“Crossing the Border to Earn More : Between Local Mutism, Commuting Costs and Real Estate Micro-Speculation”

28 January 2026

Publication by Agnès Gramain and Florence Weber: « Passer la frontière pour gagner plus : entre mutisme local, coût de la route et micro-spéculation immobilière », L’Homme, Dossier : Ethnographier le pouvoir d’achat, 255-256 | 2025, 135-160.

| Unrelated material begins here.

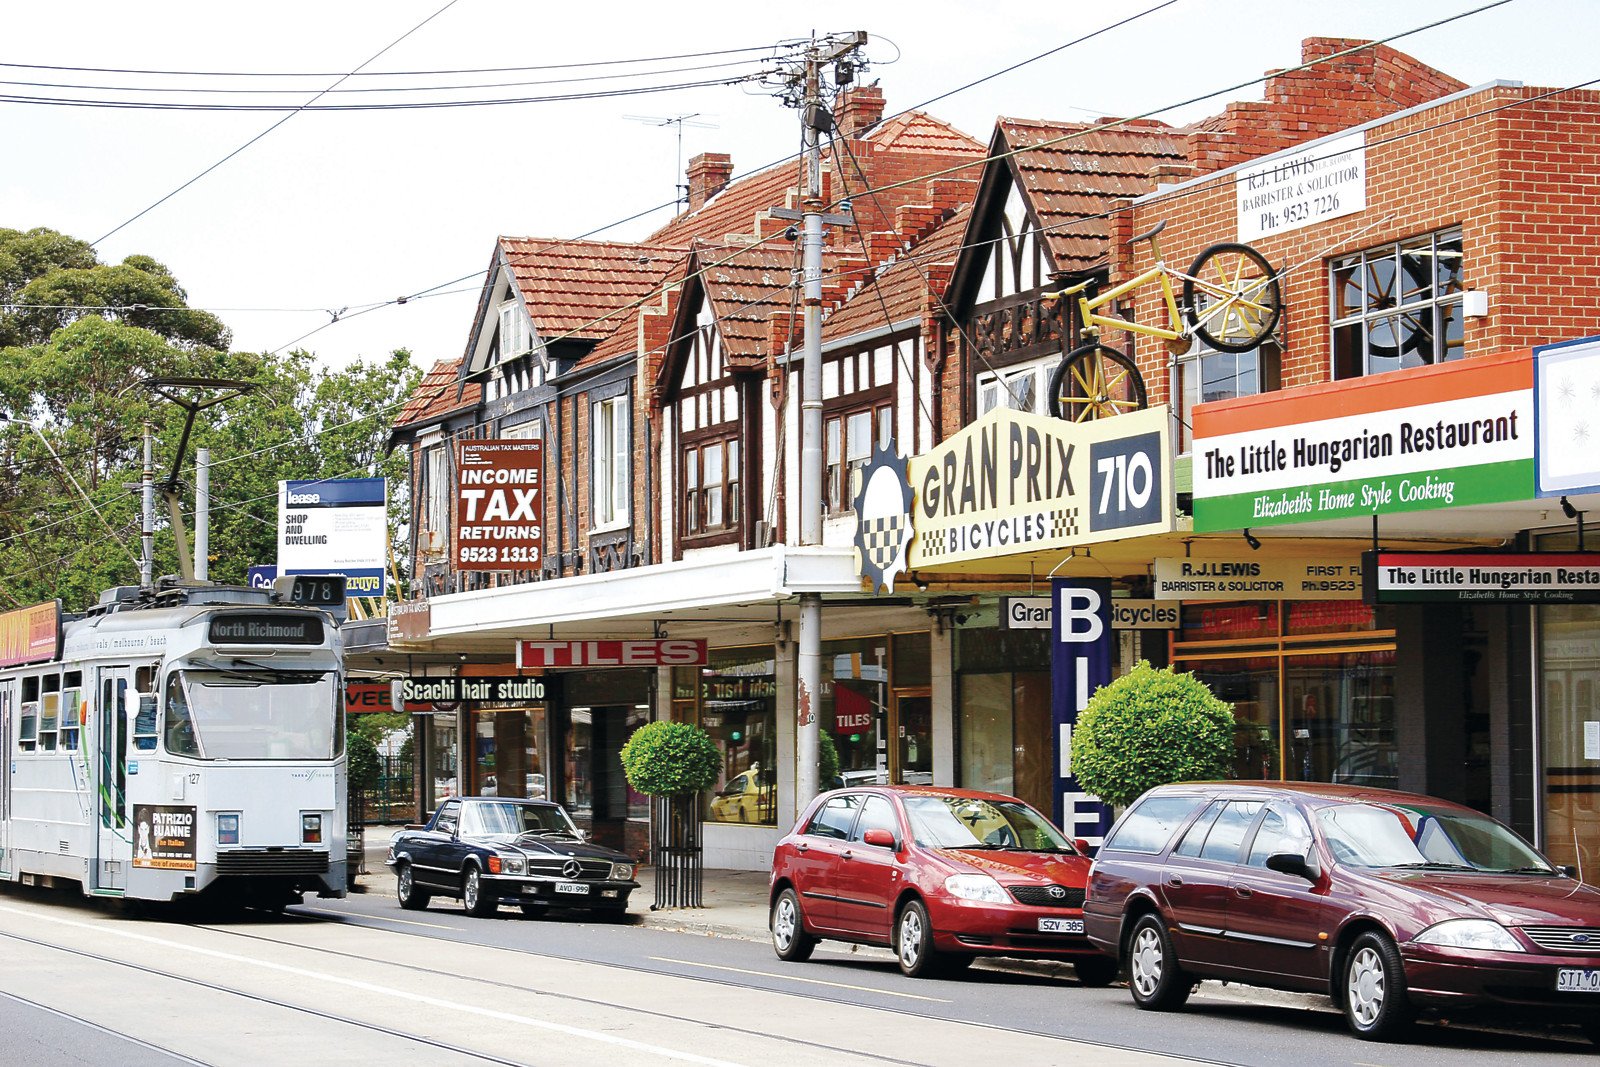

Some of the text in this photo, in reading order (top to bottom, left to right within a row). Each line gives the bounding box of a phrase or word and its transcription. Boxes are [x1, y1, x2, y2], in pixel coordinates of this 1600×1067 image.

Abstract: Border areas within the European Union are characterized by commuting not only of cross-border workers but also of consumers. This article explores why, in some areas, this mobility fails to harmonize « purchasing power » on either side of the border, and therefore why mobility is increasing. It answers these questions through an ethnography of neighbourhoods and family trajectories in an area of the Jura mountains where increasing numbers of commuters go to work either in the Swiss watchmaking industry or in the Greater Geneva area. These commuters are not only from families native to the area ; since 2008, new residents have also been attracted by Swiss salaries and French prices. They explicitly play on purchasing power, that is a household income-price calculation. The difference in purchasing power on either sides of the border is both a local taboo and a repeated native calculation around the cost of commuting. It also results in multiple strategies of real estate micro-speculation. After describing the dynamics of cross-border mobility on a European scale and in the French-Swiss case, the article analyses native economic strategies and explores the strong moral dimension of crossing the border to work. It underlines the role of inabilities and reluctance to « go [to work] in Switzerland » feeding tensions between either natives or newcomer neighbours. Finally, it allows us to reflect on the economic and social dynamics on a local scale, and on the possibility of their reversal.